Within the UK the " competent authority " — the Department for Transport (DfT) — implements the regulations and appointment of authorised cylinder testers is conducted by United Kingdom Accreditation Service (UKAS), who make recommendations to the Vehicle Certification Agency (VCA) for approval of individual bodies.
There are a variety of tests that may be performed on various cylinders. Some of the most common types of tests are hydrostatic test , burst test, ultimate tensile strength , Charpy impact test and pressure cycling.
During the manufacturing process, vital information is usually stamped or permanently marked on the cylinder. This information usually includes the type of cylinder, the working or service pressure, the serial number, date of manufacture, the manufacture's registered code and sometimes the test pressure. Other information may also be stamped, depending on the regulation requirements.
High-pressure cylinders that are used multiple times — as most are — can be hydrostatically or ultrasonically tested and visually examined every few years. [ 24 ] In the United States, hydrostatic or ultrasonic testing is required either every five years or every ten years, depending on cylinder and its service.
Cylinder neck thread can be to any one of several standards. Both taper thread sealed with thread tape and parallel thread sealed with an O-ring have been found satisfactory for high pressure service, but each has advantages and disadvantages for specific use cases, and if there are no regulatory requirements, the type may be chosen to suit the application. [ 3 ]
A tapered thread provides simple assembly, but requires high torque for establishing a reliable seal, which causes high radial forces in the neck, and has a limited number of times it can be used before it is excessively deformed. This can be extended a bit by always returning the same fitting to the same cylinder, and avoiding over-tightening. [ 3 ]
In Australia, Europe and North America, tapered neck threads are generally preferred for inert, flammable, corrosive and toxic gases, but when aluminium cylinders are used for oxygen service to United States Department of Transportation (DOT) or Transport Canada (TC) specifications in North America, the cylinders must have parallel thread. DOT and TC allow UN pressure vessels to have tapered or parallel threaded openings. In the US, 49 CFR Part 171.11 applies, and in Canada, CSA B340-18 and CSA B341-18. In Europe and other parts of the world, tapered thread is preferred for cylinder inlets for oxidising gases. [ 3 ]

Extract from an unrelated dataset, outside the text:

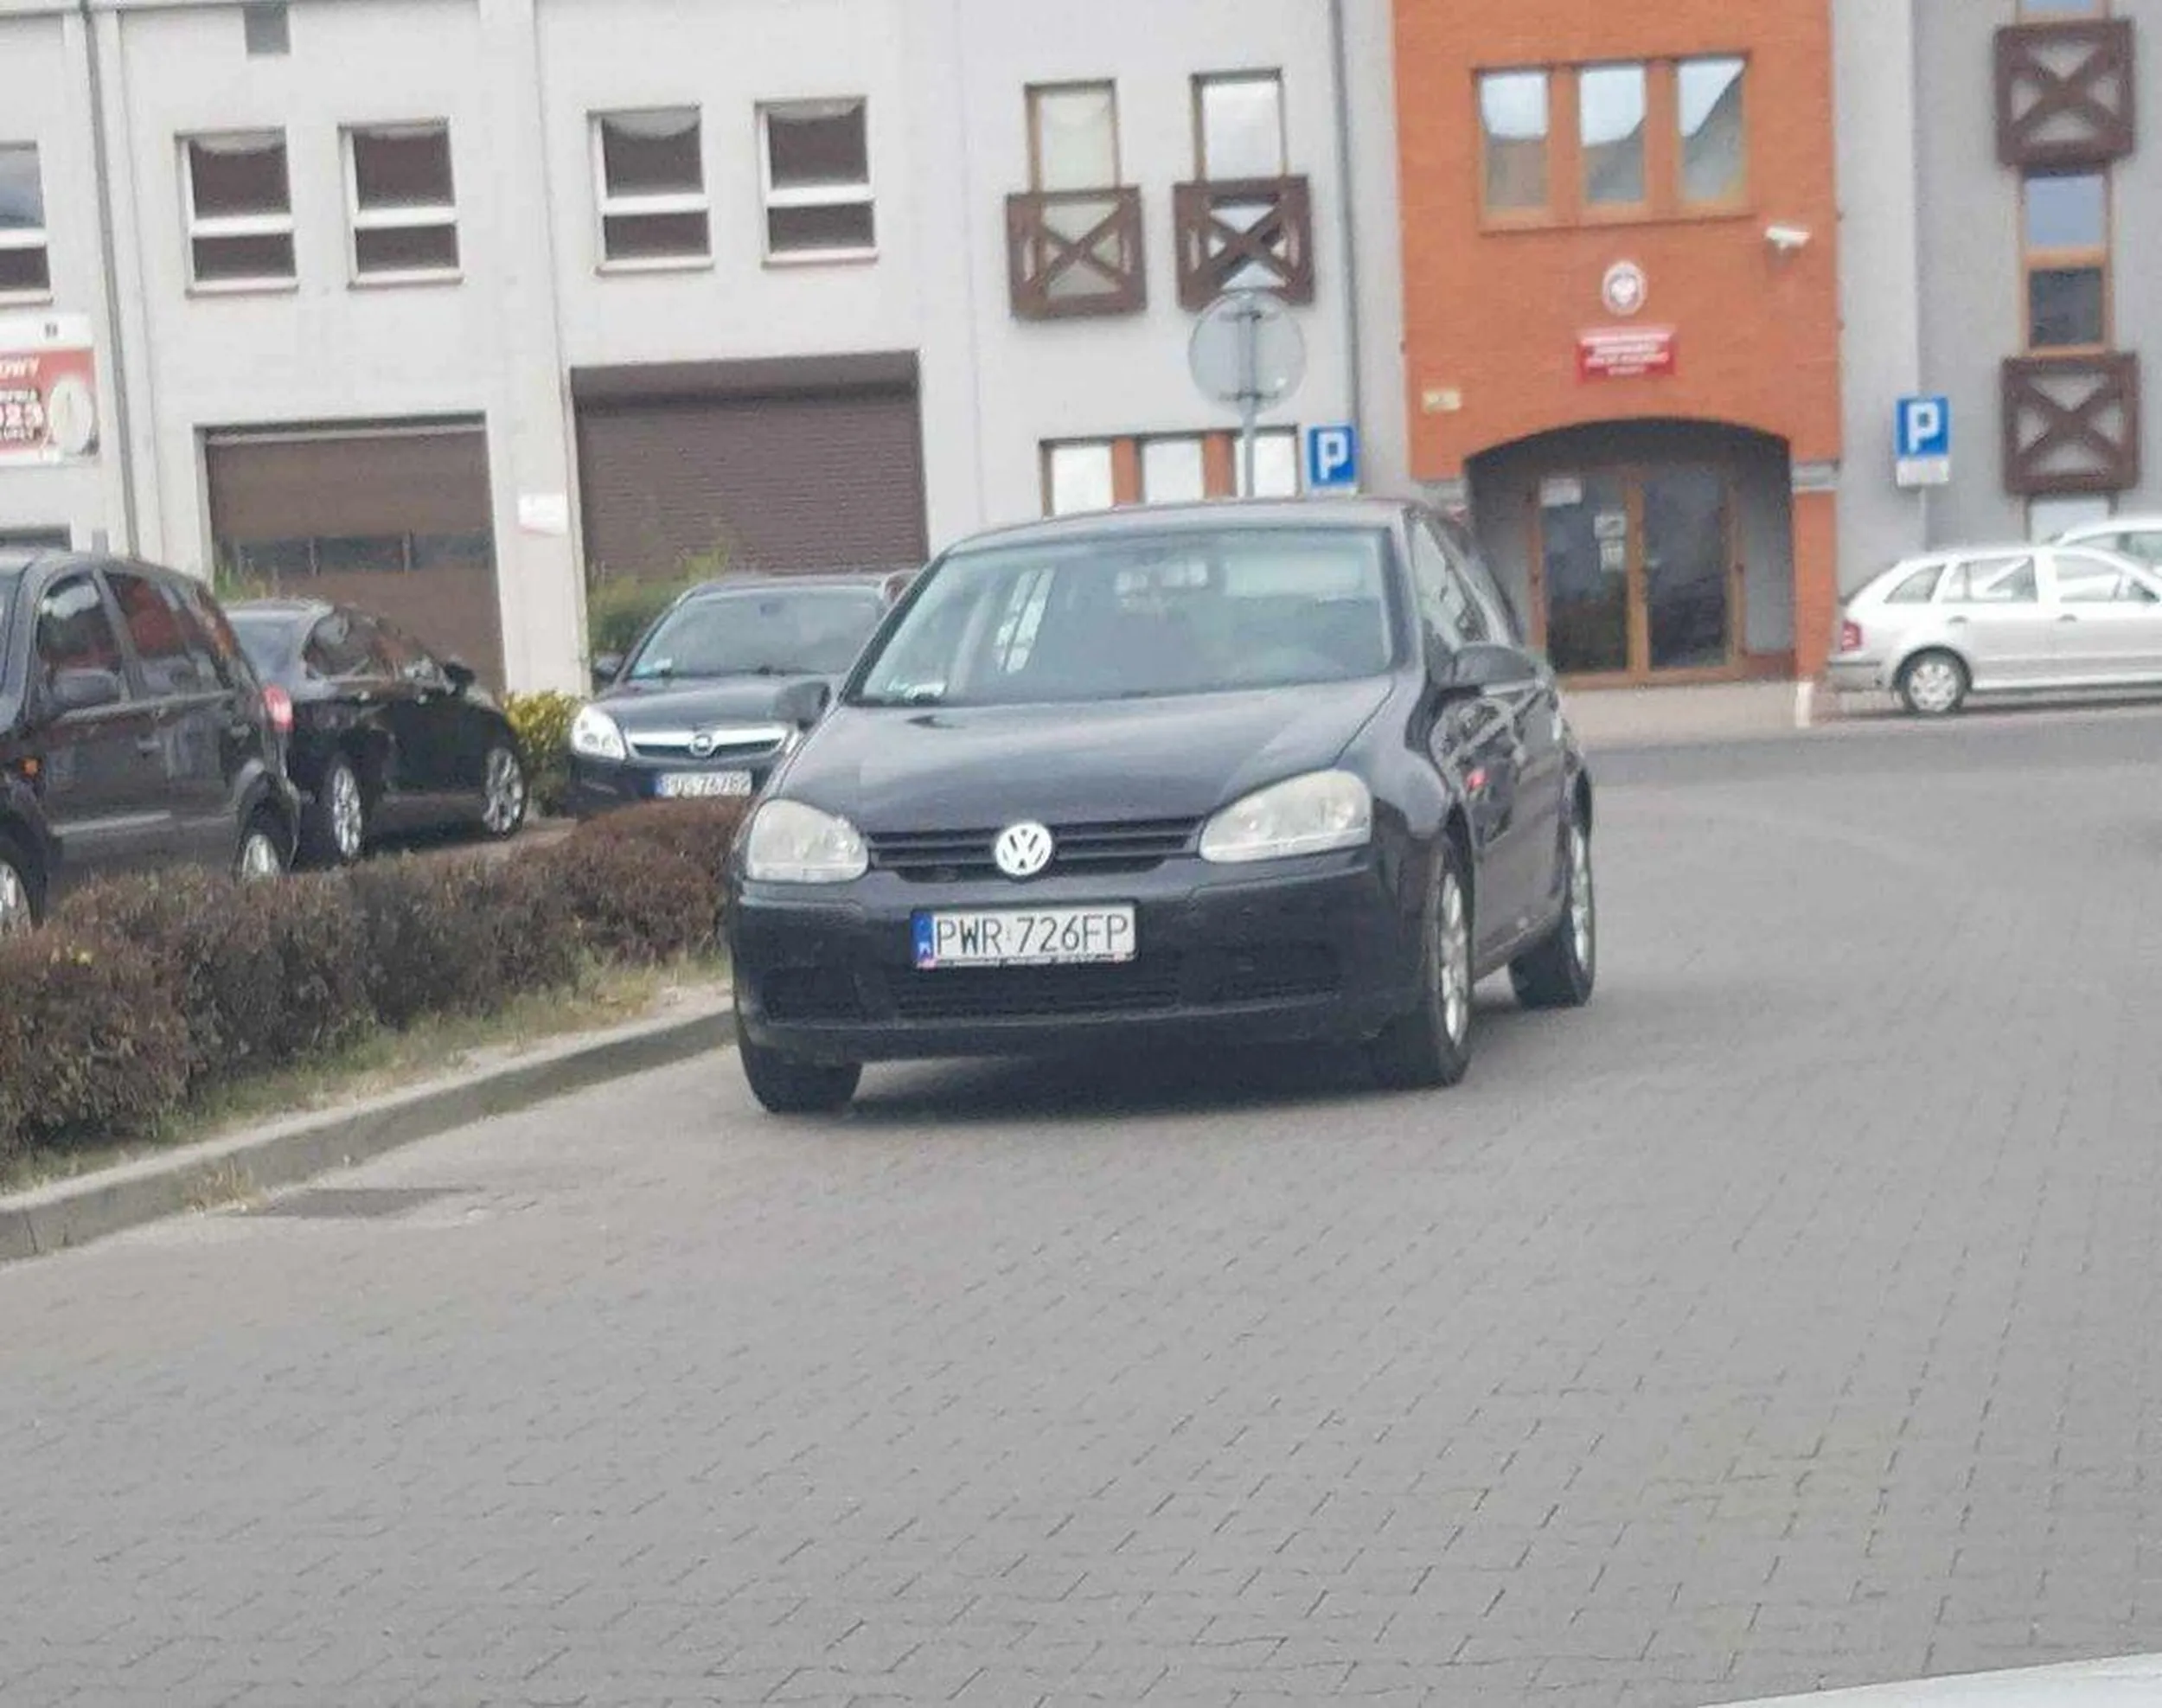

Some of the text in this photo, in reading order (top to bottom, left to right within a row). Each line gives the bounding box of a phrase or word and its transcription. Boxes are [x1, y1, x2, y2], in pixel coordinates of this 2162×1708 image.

[1907, 403, 1940, 454] P
[1317, 432, 1347, 480] P
[937, 914, 1129, 955] PWR 726FP

Scuba cylinders typically have a much shorter interval between internal inspections, so the use of tapered thread is less satisfactory due to the limited number of times a tapered thread valve can be re-used before it wears out, [ 3 ] so parallel thread is generally used for this application. [ 1 ]
Parallel thread can be tightened sufficiently to form a good seal with the O-ring without lubrication, which is an advantage when the lubricant may react with the O-ring or the contents. Repeated secure installations are possible with different combinations of valve and cylinder provided they have compatible thread and correct O-ring seals. Parallel thread is more likely to give the technician warning of residual internal pressure by leaking or extruding the O-ring before catastrophic failure when the O-ring seal is broken during removal of the valve. The O-ring size must be correct for the combination of cylinder and valve, and the material must be compatible with the contents and any lubricant used. [ 3 ]
Gas cylinders usually have an angle stop valve at one end, and the cylinder is usually oriented so the valve is on top. During storage, transportation, and handling when the gas is not in use, a cap may be screwed over the protruding valve to protect it from damage or breaking off in case the cylinder were to fall over. Instead of a cap, cylinders sometimes have a protective collar or neck ring around the valve assembly which has an opening for access to fit a regulator or other fitting to the valve outlet, and access to operate the valve. Installation of valves for high pressure aluminum alloy cylinders is described in the guidelines: CGA V-11, Guideline for the Installation of Valves into High Pressure Aluminum Alloy Cylinders and ISO 13341, Transportable gas cylinders—Fitting of valves to gas cylinders. [ 3 ]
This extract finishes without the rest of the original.